1. As we are measuring bare silicone sheets, set the slide thickness to 0, and the slide index to 1 (matching air)

c) There are 3 list boxes, one for the raw reflectance, transmittance and sphere calibration measurements respectively.

• Clicking the Select directory button will let you choose the data folder that contains all your measurement data, clicking the highlighted text in one of the 3 list boxes will populate them with the filenames in this data directory
• Selected (by clicking) the appropriate measurement from the list for each measurement type

d) Enter a save file name at the left bottom and then Click the “Calculate” button and cross your fingers

• The above figure will plot the Calibrated Reflectance and Transmittance Spectra
• You can monitor the progress from the inverse solver in the command window of Matlab as it calculates the optical properties, wavelength by wavelength
• Up on completion, the figures to the right will plot the calculated optical properties (Absorption: Top, Scattering: Bottom)
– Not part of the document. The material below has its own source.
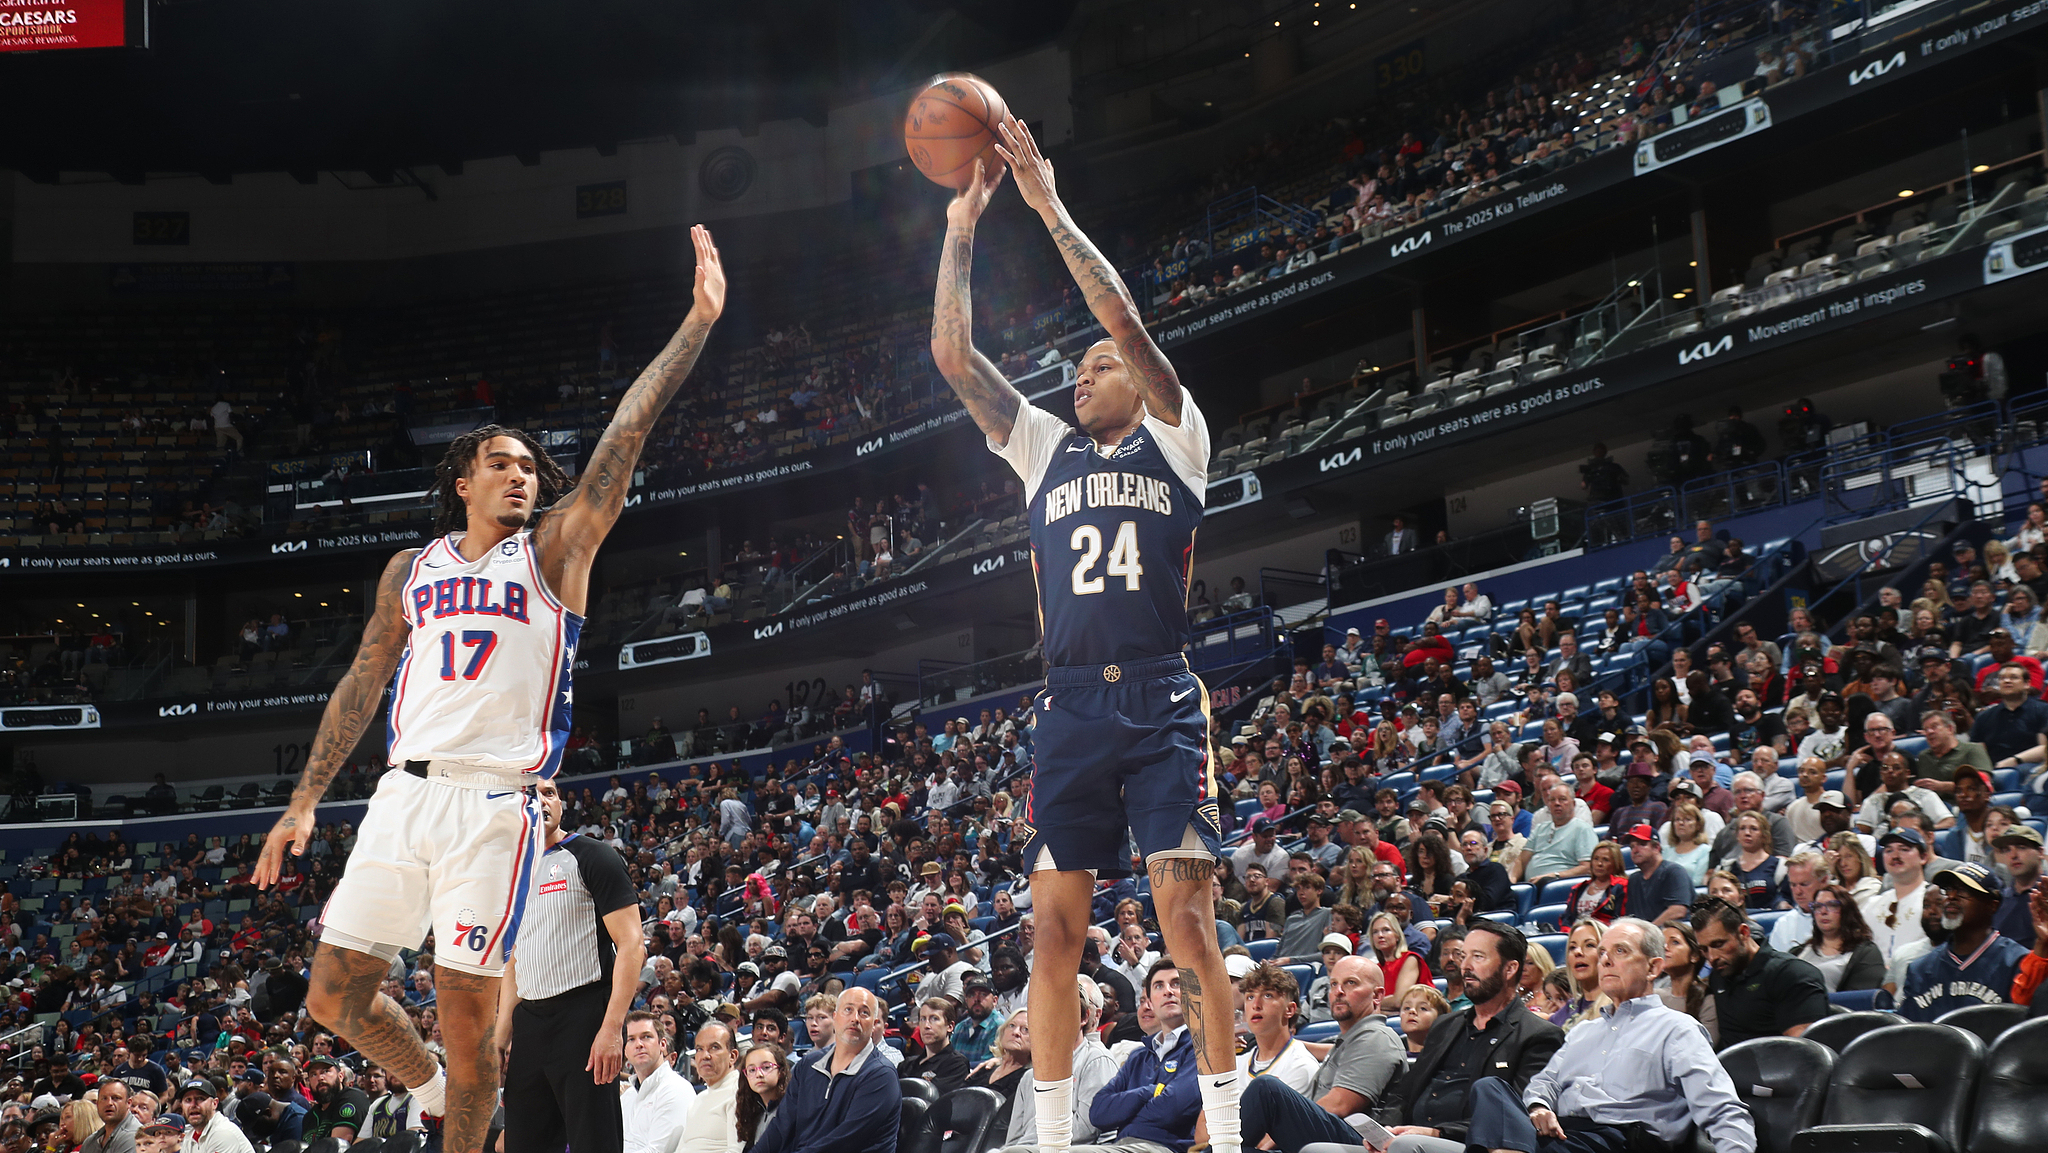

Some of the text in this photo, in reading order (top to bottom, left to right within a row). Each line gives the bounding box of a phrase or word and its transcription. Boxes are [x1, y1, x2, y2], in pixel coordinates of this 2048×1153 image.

e) Additional measurement parameters

• Beam diameter (defaulted in the processing code, so unless the iris is changed, it has been hard coded for 5mm)
• Sphere parameters: Sphere Size, Reflectivity, reflectance, transmittance and detector port sizes, etc have been determined in advance. (hard coded in the specific computers processing gui)

E) Discussion Questions

1 Do the resulting optical properties match your expectation for absorption and scattering?

• Does the absorption spectrum look like the provided spectra?
• Does scattering follow a monotonically (power-law like) decreasing trend?

2 From your sensitivity analysis in the simulated data section, can you infer where the most likely source of error may have come? (are these sample or instrumentation related?)

• and if so, what would you change to either verify and/or minimize this error?

3 Would you want to see an integrating sphere in your life …ever again?